La actual y ya vieja
política de austeridad demuestra su fracaso, pero la nueva política (de
crecimiento del empleo, reequilibrio de poder e integración solidaria
europea) no termina de aparecer.
El bloque dominante que lo impide sigue
siendo poderoso e impone, ante todo, la salvaguarda de sus intereses
inmediatos: devolución de la deuda pública y privada evitando el impago o
la quita a los acreedores financieros, abaratamiento de costes
laborales y garantías de altos beneficios empresariales, subordinación
de las capas populares, reducción de los derechos sociales y
prestaciones y servicios públicos, debilitamiento de las izquierdas y
neutralización de la indignación ciudadana…
Además, desconsidera las
grandes repercusiones negativas para la sociedad, cada vez más graves y
acumulativas, la deslegitimación de las instituciones y las fuentes de
inestabilidad a medio y largo plazo.
Su respuesta es intentar afianzar
el control social desde el reforzamiento institucional y la
instrumentalización del aparato mediático.
Por supuesto, también cabe que se consolide la opción autoritaria,
fuertemente regresiva en lo económico y con débiles sistemas
democráticos en lo político, con fuertes corrientes populistas de
derecha, mayor fragmentación social y destrucción de la capacidad
operativa de los movimientos populares progresistas y la izquierda
crítica.
Por otro lado, no se puede asegurar la realización de una salida
‘justa y progresista’ o el acercamiento a un horizonte social más
avanzado, muy improbable a corto plazo.
La cuestión relevante ahora es
que tiene sentido ampliar el apoyo social en torno a un proyecto
democrático y transformador, para cohesionar y fortalecer a esa base
social progresista y condicionar el proceso de conjunto.

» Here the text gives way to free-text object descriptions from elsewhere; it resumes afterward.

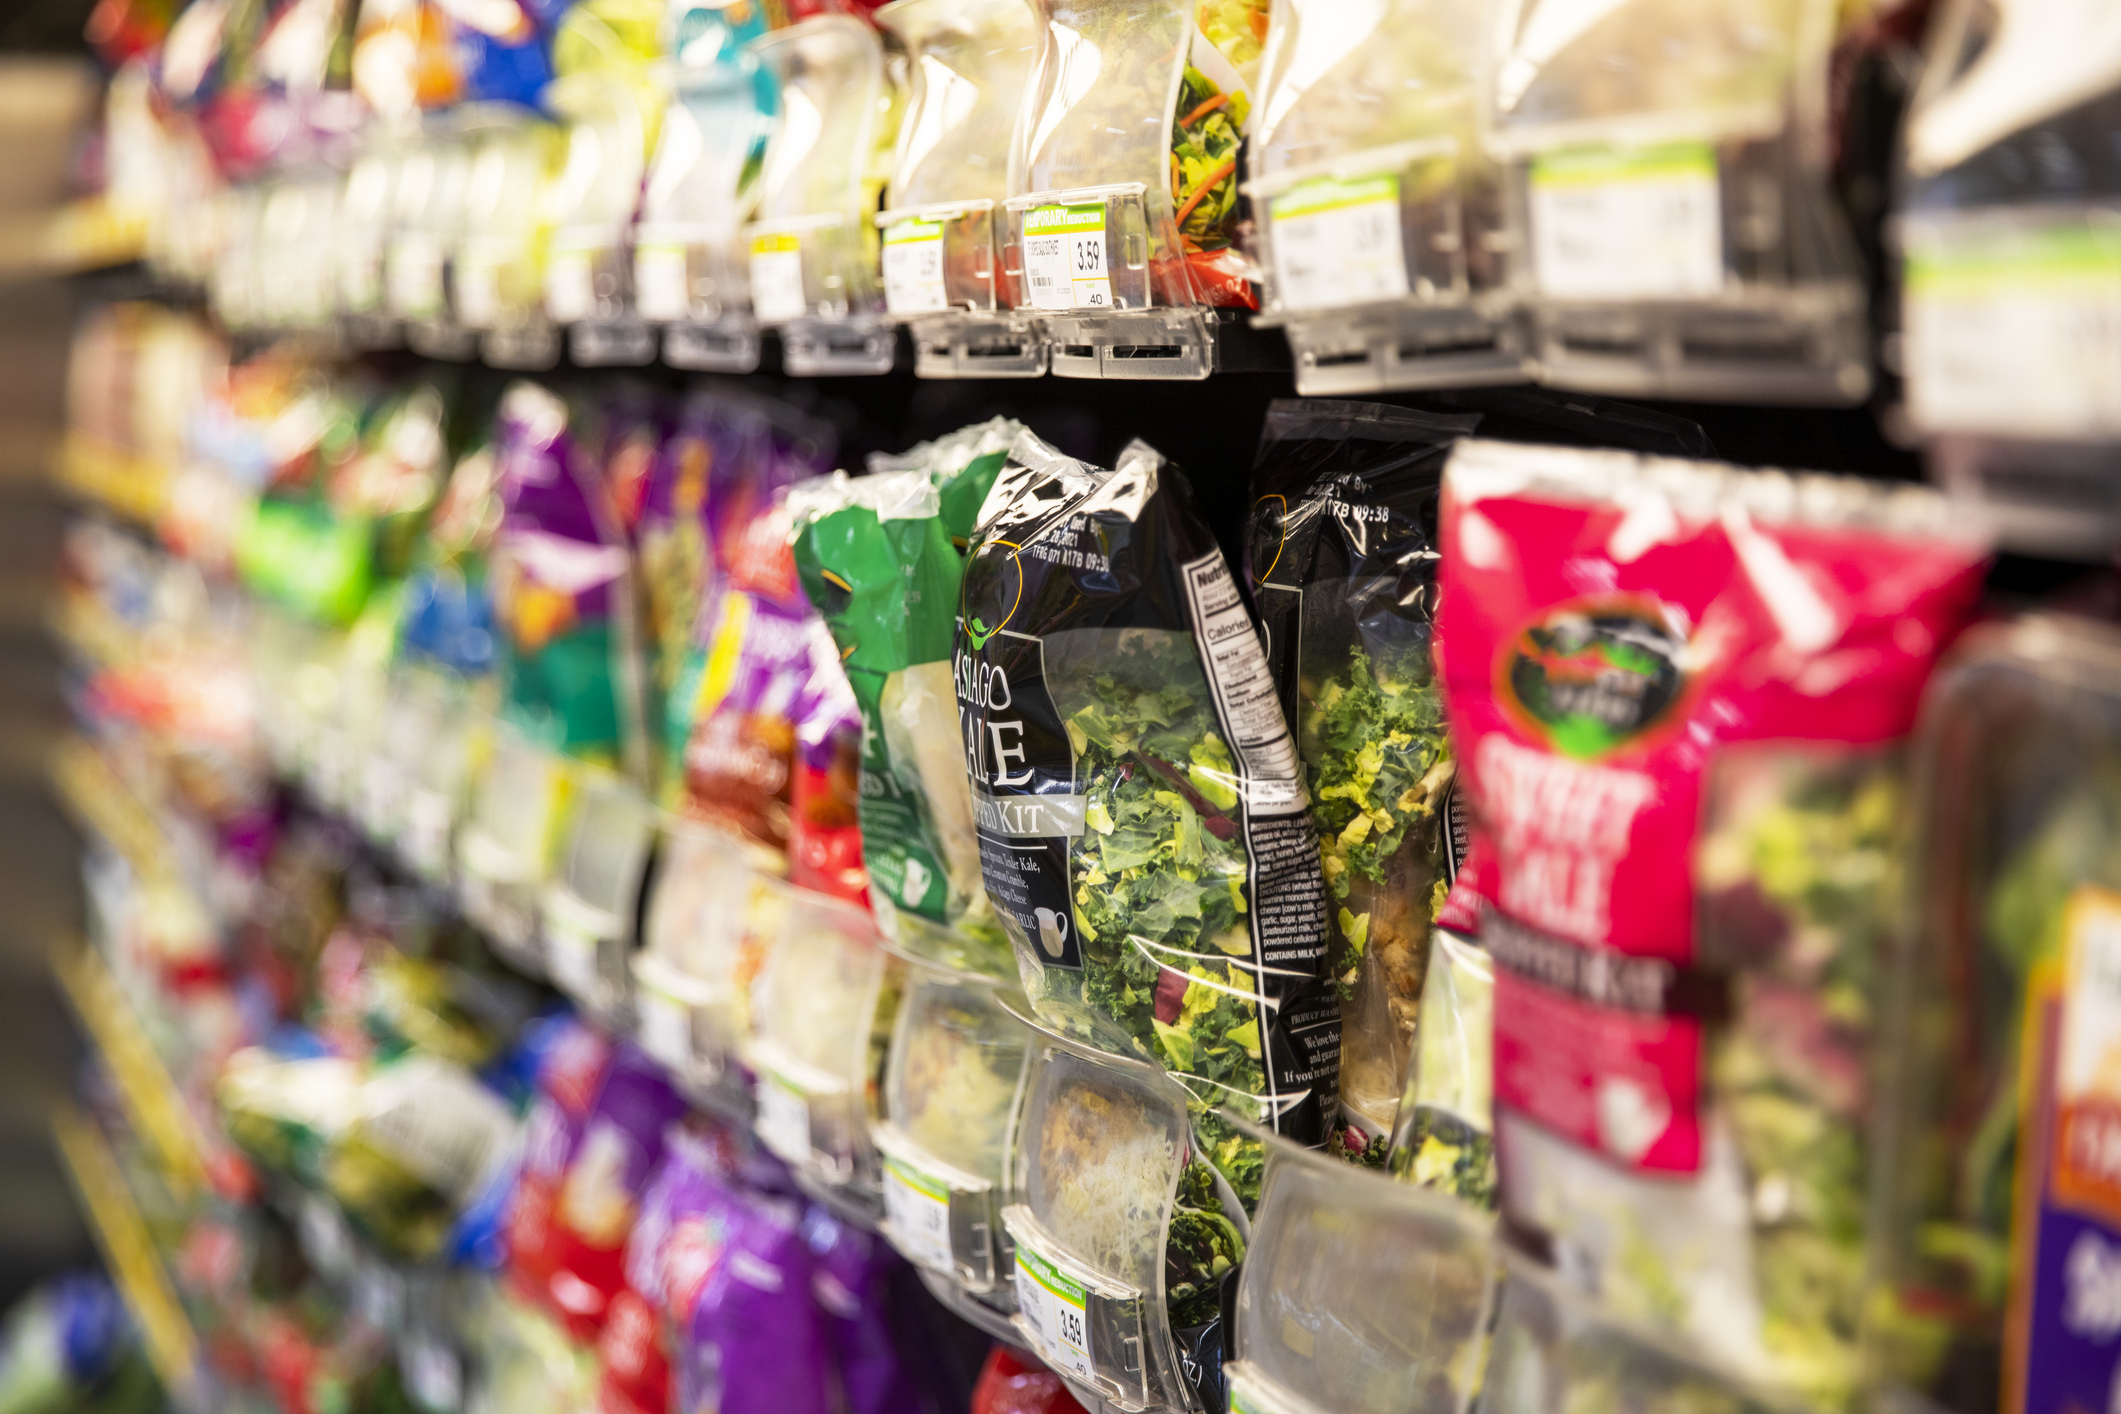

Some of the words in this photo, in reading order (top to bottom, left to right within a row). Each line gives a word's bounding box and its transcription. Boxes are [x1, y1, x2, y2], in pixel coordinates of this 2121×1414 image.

[1026, 208, 1068, 228] TEMPORARY
[1067, 212, 1100, 224] REDUCTION
[1078, 240, 1100, 270] 3.59
[1088, 294, 1102, 305] .40
[1352, 504, 1389, 522] 09:38
[1032, 545, 1048, 560] TFRG
[1048, 549, 1061, 564] 071
[1062, 550, 1084, 568] A17B
[954, 648, 1012, 710] ASIAGO
[959, 706, 1034, 786] ALE
[994, 800, 1044, 834] KIT
[1019, 856, 1040, 873] Kale,
[1260, 904, 1281, 915] cheese
[1264, 935, 1292, 948] powdered
[1265, 950, 1297, 961] CONTAINS
[1298, 948, 1316, 959] MILK,
[1304, 1037, 1316, 1049] We
[1316, 1034, 1329, 1048] love
[1328, 1030, 1340, 1043] the
[1309, 1050, 1322, 1064] and
[1284, 1070, 1294, 1082] If
[1296, 1066, 1320, 1084] you're
[1051, 1278, 1082, 1300] REDUCTION
[1061, 1309, 1082, 1346] 3.59
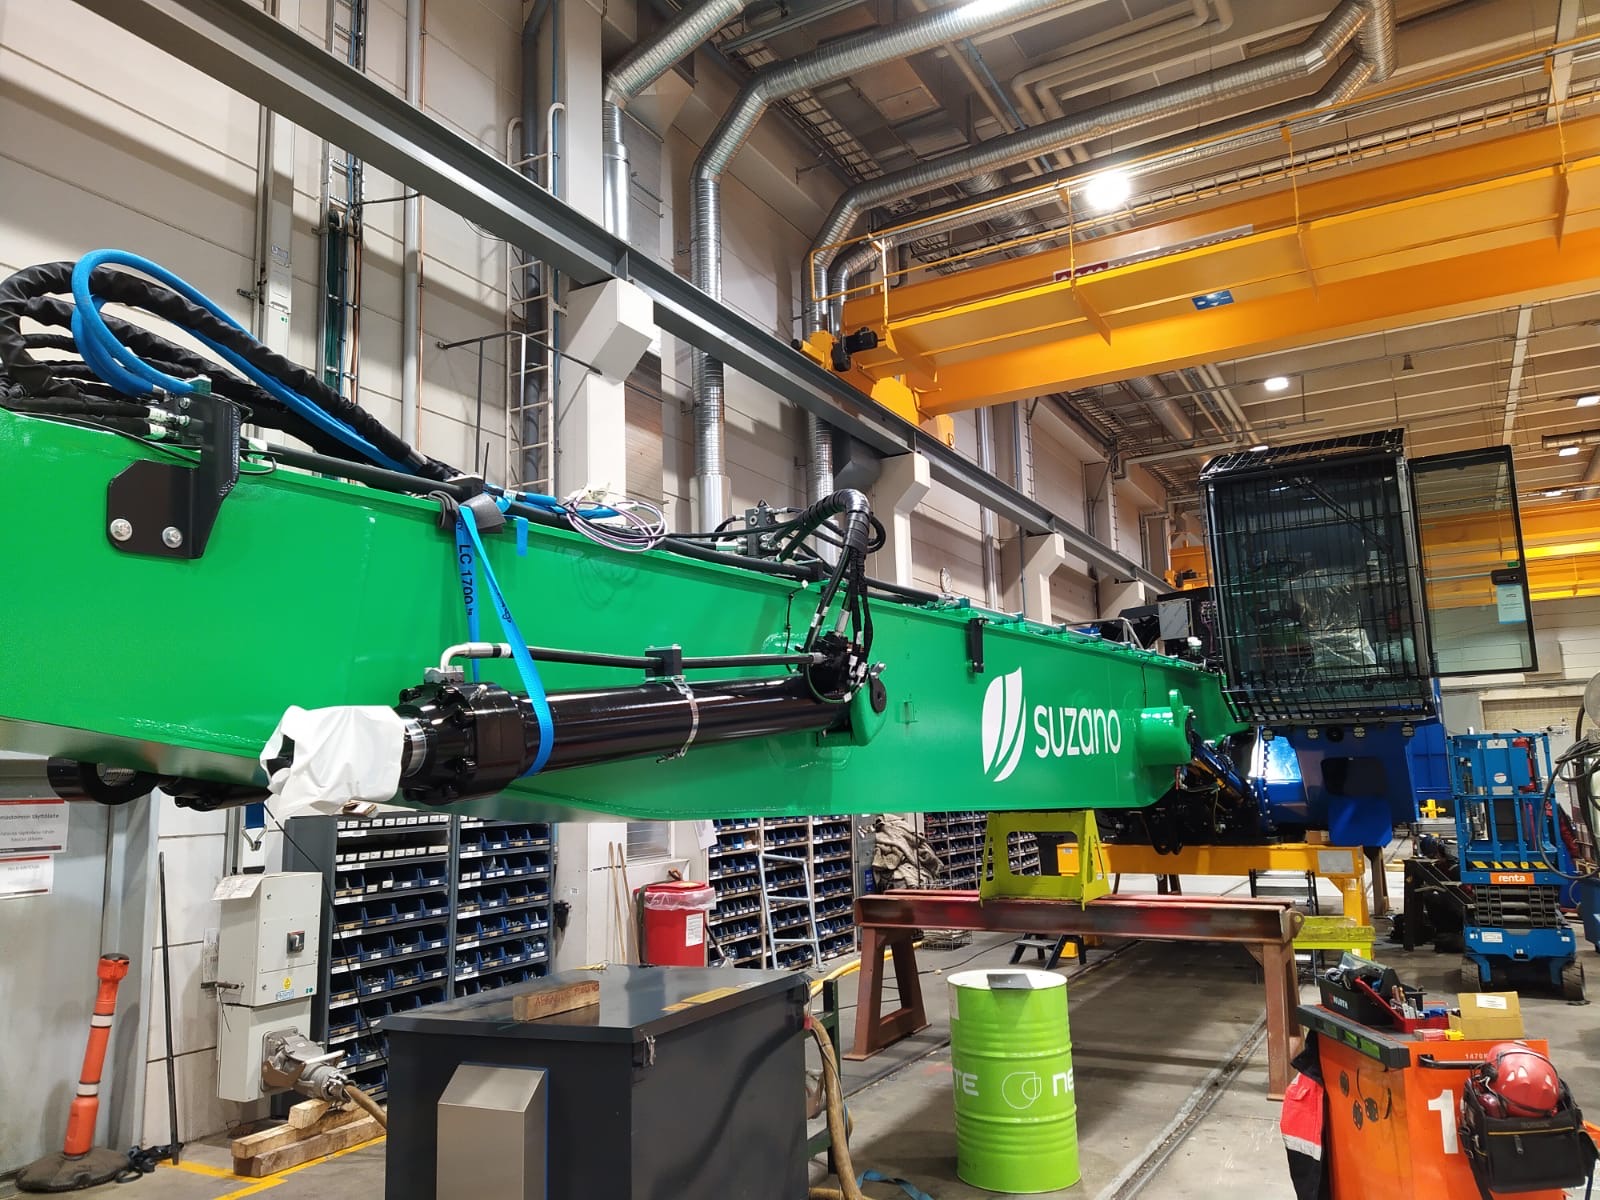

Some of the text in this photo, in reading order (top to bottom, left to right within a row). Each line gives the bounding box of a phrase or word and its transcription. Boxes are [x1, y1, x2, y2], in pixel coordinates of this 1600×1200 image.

[459, 545, 472, 565] LC
[461, 569, 474, 605] 1700
[1034, 705, 1121, 758] suzano
[1498, 874, 1526, 882] renta
[1428, 1089, 1459, 1154] 1
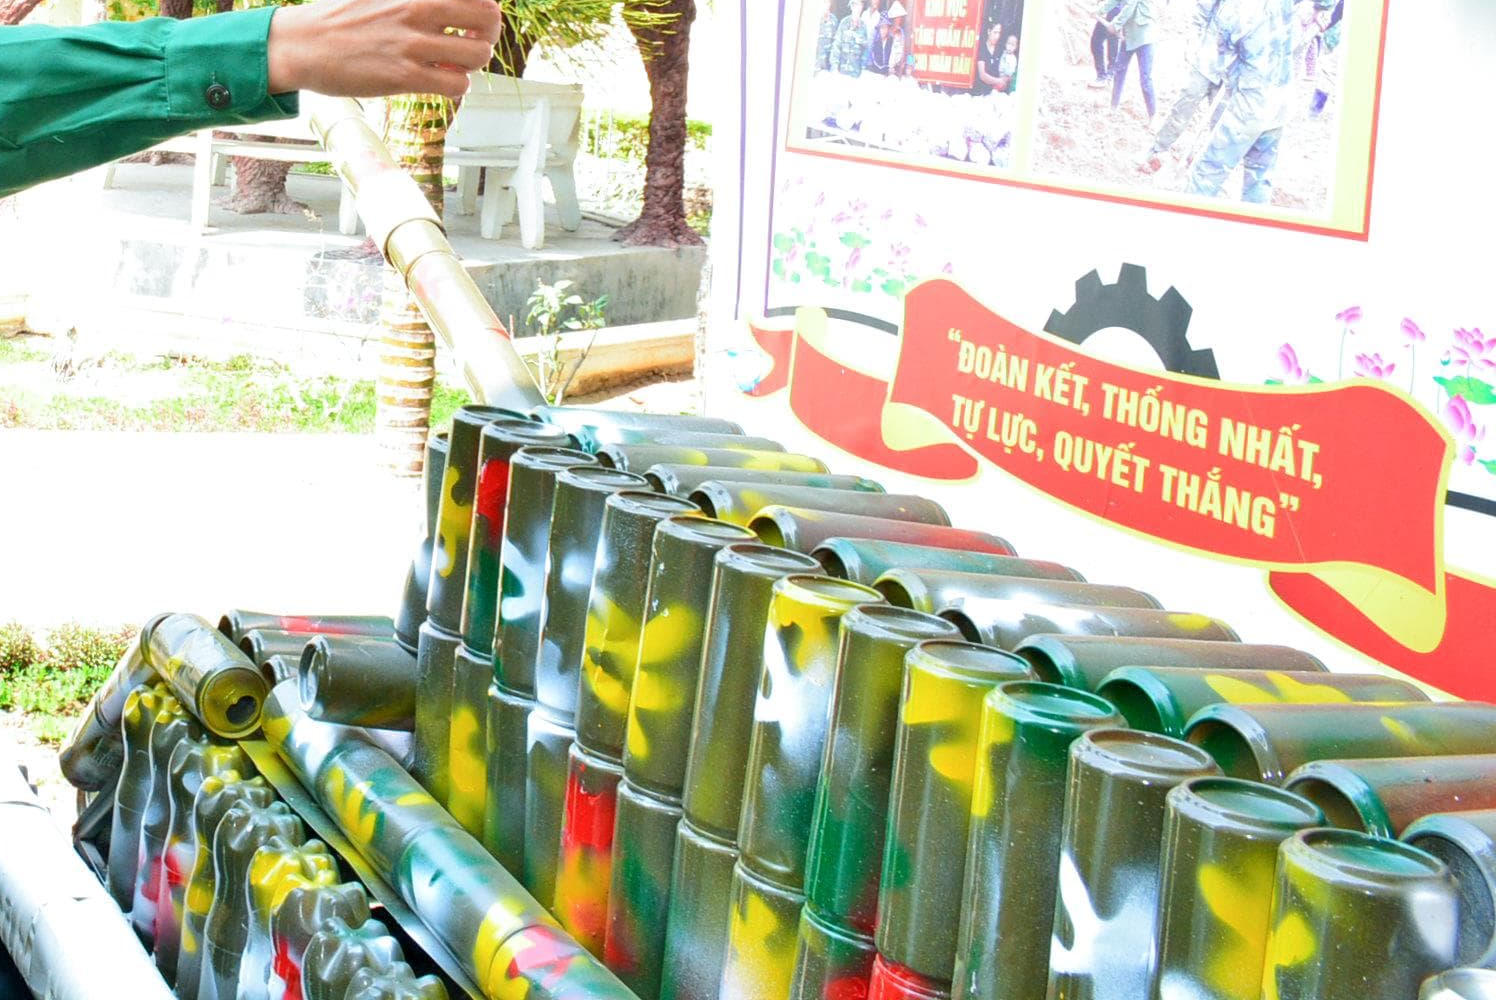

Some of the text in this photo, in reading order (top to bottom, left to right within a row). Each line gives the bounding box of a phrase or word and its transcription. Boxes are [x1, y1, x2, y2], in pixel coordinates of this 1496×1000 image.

La apuesta de las élites europeas dominantes parece que camina hacia el continuismo de la política de austeridad con ligeras modificaciones:
estímulos al crecimiento, unión bancaria, mutualización parcial de la
deuda…
Es la estrategia conservadora centroeuropea (alemana o del
norte), que cuenta con el aval crítico de sus partidos socialdemócratas y
con la relativa aceptación resignada de las élites dominantes
(económicas y políticas) del resto de países, aunque con cierta tensión
por su reacomodo o grado de subordinación y su adaptación al nuevo
estatus productivo e institucional.
Esta estrategia pretende neutralizar los efectos más destructivos
para el tejido económico y la cohesión social, así como la
deslegitimación política y la desafección en el sur, evitando dinámicas
desvertebradoras incontrolables.
Intenta la relegitimación parcial de
las élites, el nuevo reequilibrio de poder y el diseño institucional
ante la ciudadanía europea, sin democratización ni solidaridad entre los
estados, ni de la gestión de la UE.
Supondría, además de la hegemonía
económica del ‘norte’, un reequilibrio político e institucional con
predominio alemán y la subordinación tensa de Francia y los países
periféricos (la Europa alemana).
Es una salida lenta, gravosa para las
sociedades europeas (incluidas las capas precarias centroeuropeas) y de
readaptación subordinada y empobrecida del sur europeo
(incluida Francia), particularmente sus capas populares.
Supone
fragmentación y dependencia de sus aparatos económicos, fuerte
desigualdad social y un débil Estado social con limitada legitimidad
ciudadana.
Dada la persistencia de los valores democráticos e igualitarios en la
mayoría de la ciudadanía europea y española, es previsible el
mantenimiento de la indignación ciudadana y la deslegitimación social o
la crisis de confianza hacia sus élites políticas, por su
responsabilidad y su impotencia o pasividad respecto de una salida justa
y democrática de la crisis sistémica.
Está servida la pugna cultural
entre el fatalismo pasivo y la indignación activa, entre la disgregación
competitiva y la respuesta colectiva progresista.
En el fondo está la
tensión entre la continuidad o el cambio, entre, por un lado, el
discurso tecnocrático de la preponderancia del poder económico y la
actual capa gobernante y, por otro lado, la capacidad de la ciudadanía,
las personas, con su cultura democrática y de justicia social, con los
valores de libertad, igualdad y solidaridad, fundamentos para promover
un modelo social avanzado.
Centrándonos en el sur europeo, el impacto de los dos primeros
elementos (socioeconómico y político-institucional) configura un
panorama duro y grave. La crisis económica y social es profunda, sus
aparatos económicos son frágiles y dependientes y sus Estados de
bienestar más débiles.
Sus élites han fracasado en la modernización
económica de sus respectivos países y ahora están más endeudados,
subordinados y dependientes respecto del eje de poder centroeuropeo
(alemán) y mundial.
Aunque existen importantes diferencias entre, por un
lado, Grecia y Portugal (e Irlanda) y, por otro lado, España e Italia;
después viene Francia.
Supone un desafío para la renovación y
relegitimación de sus élites, la modernización de sus economías y la
democratización de sus sistemas políticos.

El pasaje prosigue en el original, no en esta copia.